Milhares de crianças estão deixando de ir à escola ou frequentando as creches em situação precária de higiene; já adultos têm de ir ao Judiciário

 

Sim. É uma temática social, econômica, mas também de direitos humanos, saúde pública e gestão. Centenas de milhares de crianças não estão indo à escola ou frequentando creches em razão da higiene precária. A crise das fraldas atinge todos os municípios, com aprofundamento das dificuldades no pós-pandemia. Em Bauru, a Secretaria Municipal de Educação anuncia que está preparando processo para contratar, por licitação, fraldas para atender 3.000 crianças por ano.

E a crise, porém, atinge outro grupo.
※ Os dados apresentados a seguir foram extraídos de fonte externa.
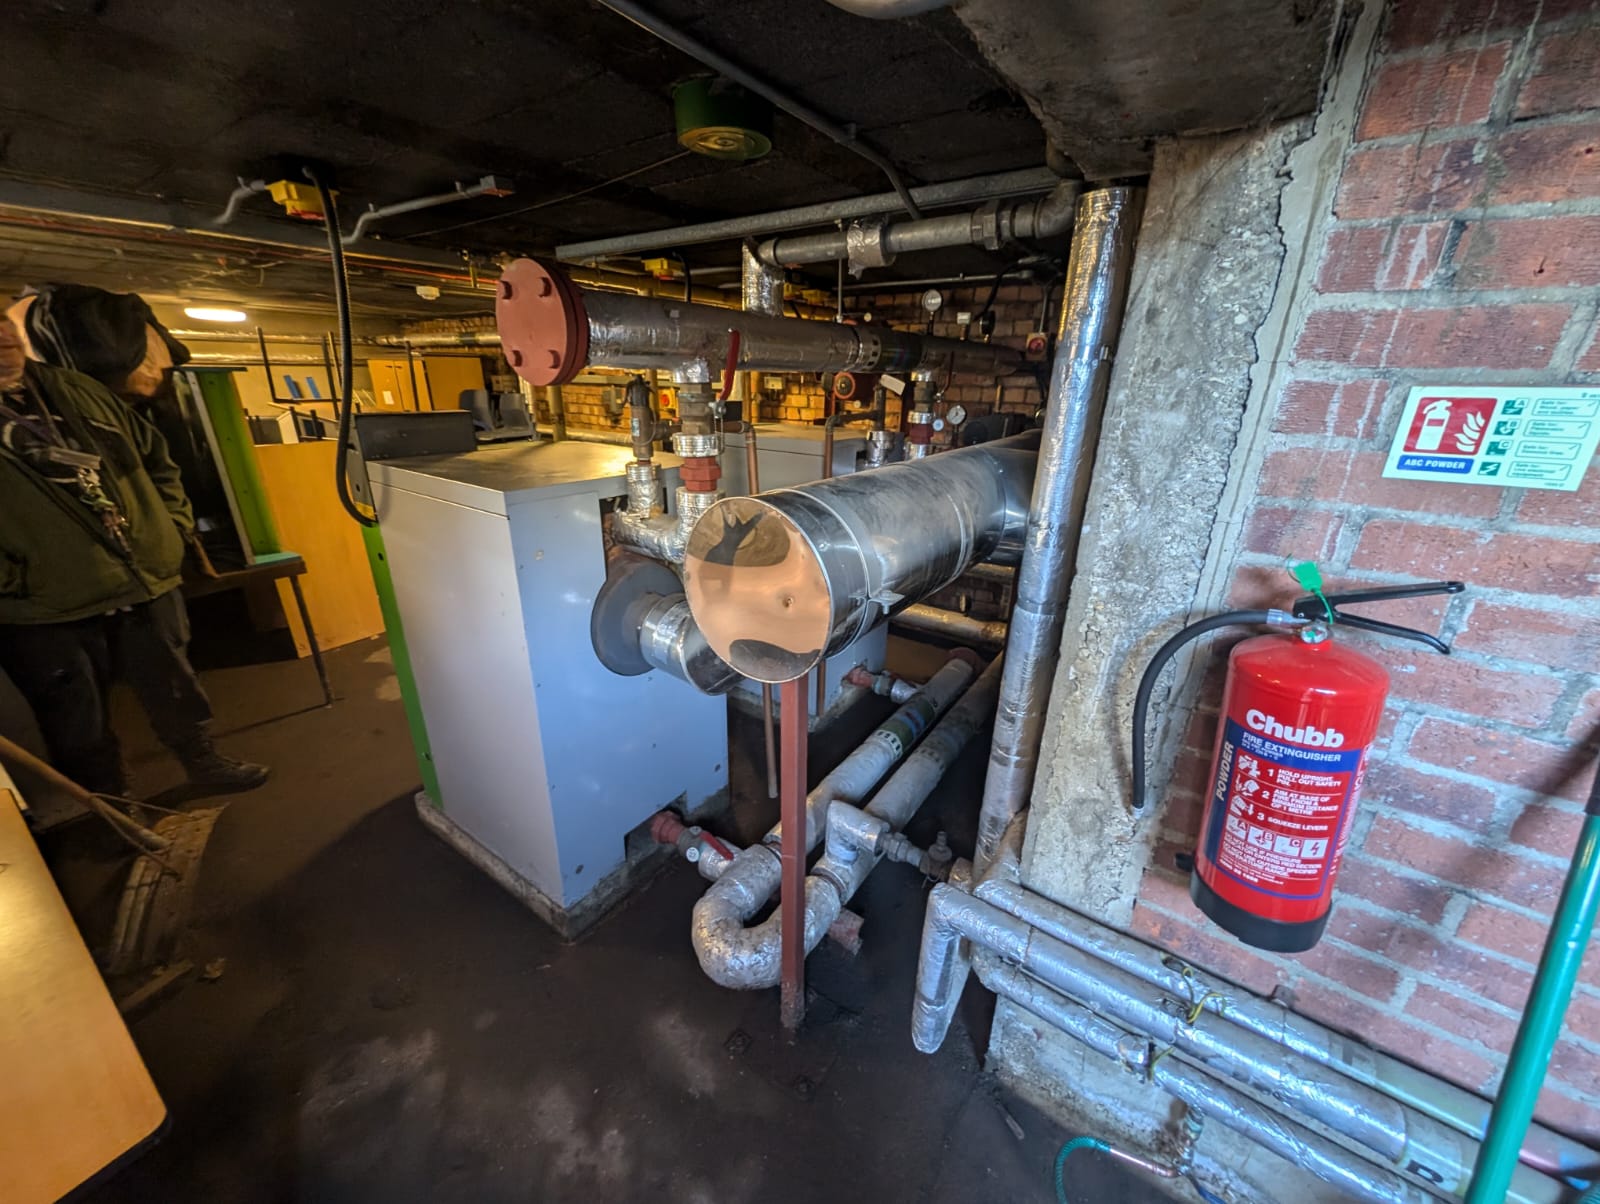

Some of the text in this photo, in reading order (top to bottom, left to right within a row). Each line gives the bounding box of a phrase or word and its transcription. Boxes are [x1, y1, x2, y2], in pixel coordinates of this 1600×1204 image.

[1404, 458, 1466, 470] ABC POWDER
[1246, 709, 1344, 748] Chubb
[1243, 732, 1263, 745] FIRE
[1264, 742, 1342, 762] EXTINGUISHER
[1216, 741, 1234, 801] POWDER
[1267, 769, 1274, 777] 1
[1278, 769, 1300, 779] HOLD
[1315, 780, 1342, 788] SAFETY
[1261, 790, 1270, 799] 2
[1257, 812, 1265, 821] 3
[1239, 821, 1246, 829] A
[1264, 832, 1272, 840] B
[1291, 839, 1300, 847] C
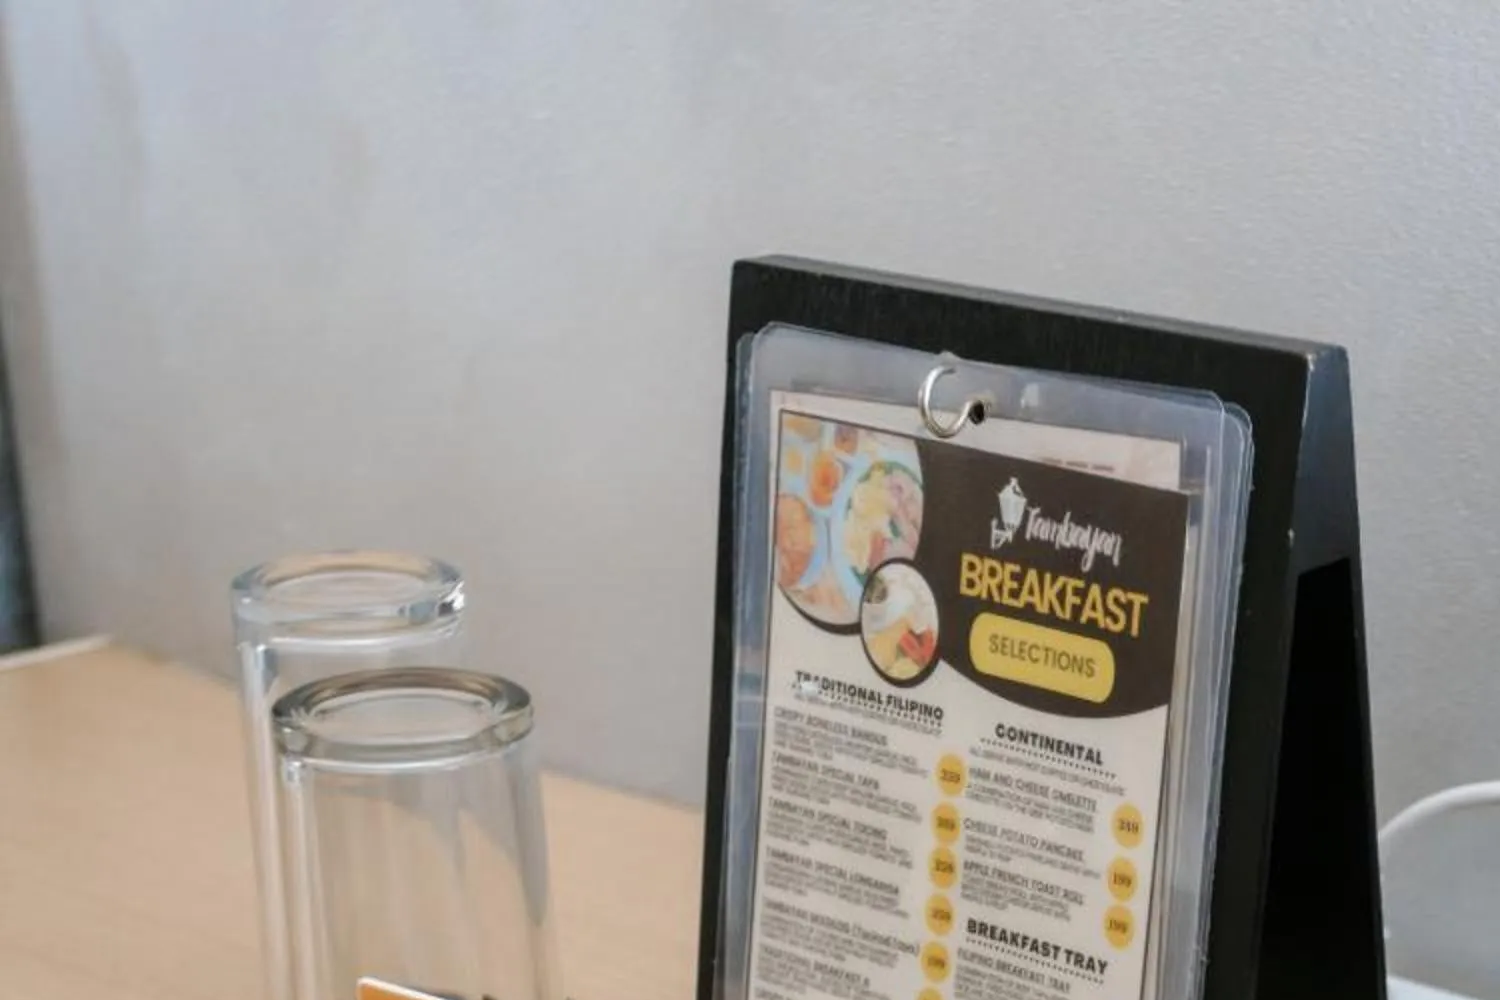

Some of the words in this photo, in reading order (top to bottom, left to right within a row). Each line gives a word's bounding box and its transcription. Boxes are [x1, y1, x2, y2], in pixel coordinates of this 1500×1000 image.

[960, 553, 1148, 637] BREAKFAST
[988, 633, 1096, 678] SELECTIONS
[886, 694, 944, 719] FILIPINO
[995, 723, 1104, 765] CONTINENTAL
[993, 773, 1014, 787] AND
[1000, 826, 1039, 848] POTATO
[967, 918, 1062, 959] BREAKFAST
[1064, 949, 1108, 975] TRAY
[995, 958, 1045, 984] BREAKFAST
O Judiciário está abarrotado de ações judiciais, também por todo o País, como última ação para conseguir fraldas geriátricas para tratamento de saúde. Número expressivo de idosos não tem condições de comprar o material para o tratamento, muitos de doenças crônicas, ou terminais. Em Bauru, a Secretaria Municipal de Saúde informa que não conta com programa de fornecimento de fraldas para doentes, mas tem atendido (sem recorrer das ações) decisões vindas do Judiciário. Há casos dramáticos em curso.

NAS CRECHES

Alguns municípios brasileiros fornecem fraldas para os alunos matriculados. O critério é definido de maneira objetiva, a partir do cadastro já existente para famílias de baixa renda. Bauru vai entrar neste grupo.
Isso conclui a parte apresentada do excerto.